The effect of $\hbar = c = 1$ is to use "the same units" for length, time, mass, and energy. It's pretty common (example, example) to hear people talk about "the dimension" or "the mass dimension" of an expression, which is basically how many factors of energy there are in its $\hbar=c=1$ units. For example, in order for the action $S=\int \mathrm d^4x\,\mathcal L$ to be dimensionless, the Lagrangian density $\mathcal L$ much have dimension four.

I find myself most frequently wanting to compare energies and lengths, for which it's useful to have $\hbar c = 0.197\rm\,GeV\,fm \approx \frac 15\,GeV\,fm$ in the back of my head. For example, I think a lot about the effective range parameter $r_0 = \hbar c / mc^2$ of a Yukawa potential for a force whose mediating particle has mass $m$. This parameter has dimension $-1$ and is the same as the Compton wavelength of the massive particle.
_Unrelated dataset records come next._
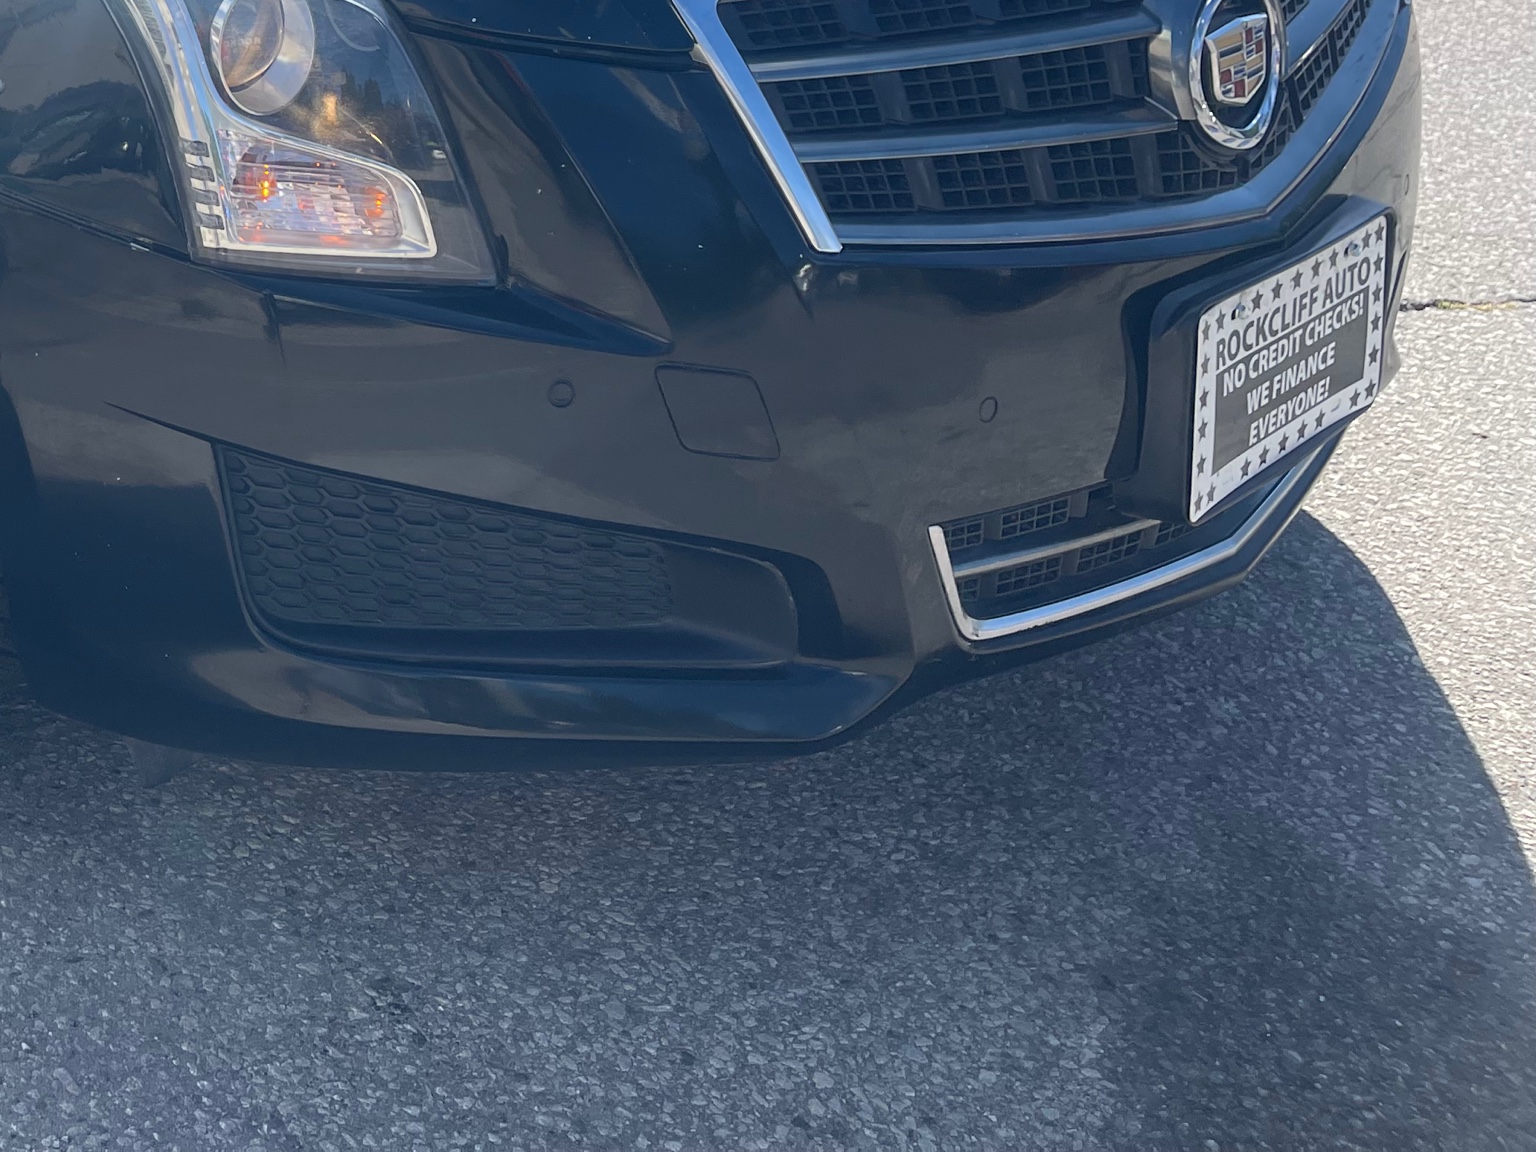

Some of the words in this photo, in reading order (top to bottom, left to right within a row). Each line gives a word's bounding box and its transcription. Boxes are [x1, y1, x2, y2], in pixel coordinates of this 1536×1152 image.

[1216, 286, 1319, 371] ROCKCLIFF
[1323, 256, 1371, 309] AUTO
[1223, 365, 1246, 397] NO
[1248, 329, 1303, 379] CREDIT
[1305, 297, 1364, 346] CHECKS!
[1246, 384, 1270, 415] WE
[1272, 341, 1335, 395] FINANCE
[1248, 376, 1330, 446] EVERYONE!
There are fewer characters if I type $r_0 = \hbar / mc$, which is algebraically the same; however the cognitive load for me is lighter if I see $mc^2$ and think "energy" and then see $\hbar c$ and think "energy converts to length." The system is not overdetermined, so there is only one nontrivially correct way to convert using powers of $\hbar$ and $c$.

Your propagator $\frac1{p^2-m^2}$ has dimension $-2$, and your decay width $\Gamma = 1/\tau$ has dimension 1. A cross-section (dimensionally an area) must have mass dimension $-2$. You get the idea.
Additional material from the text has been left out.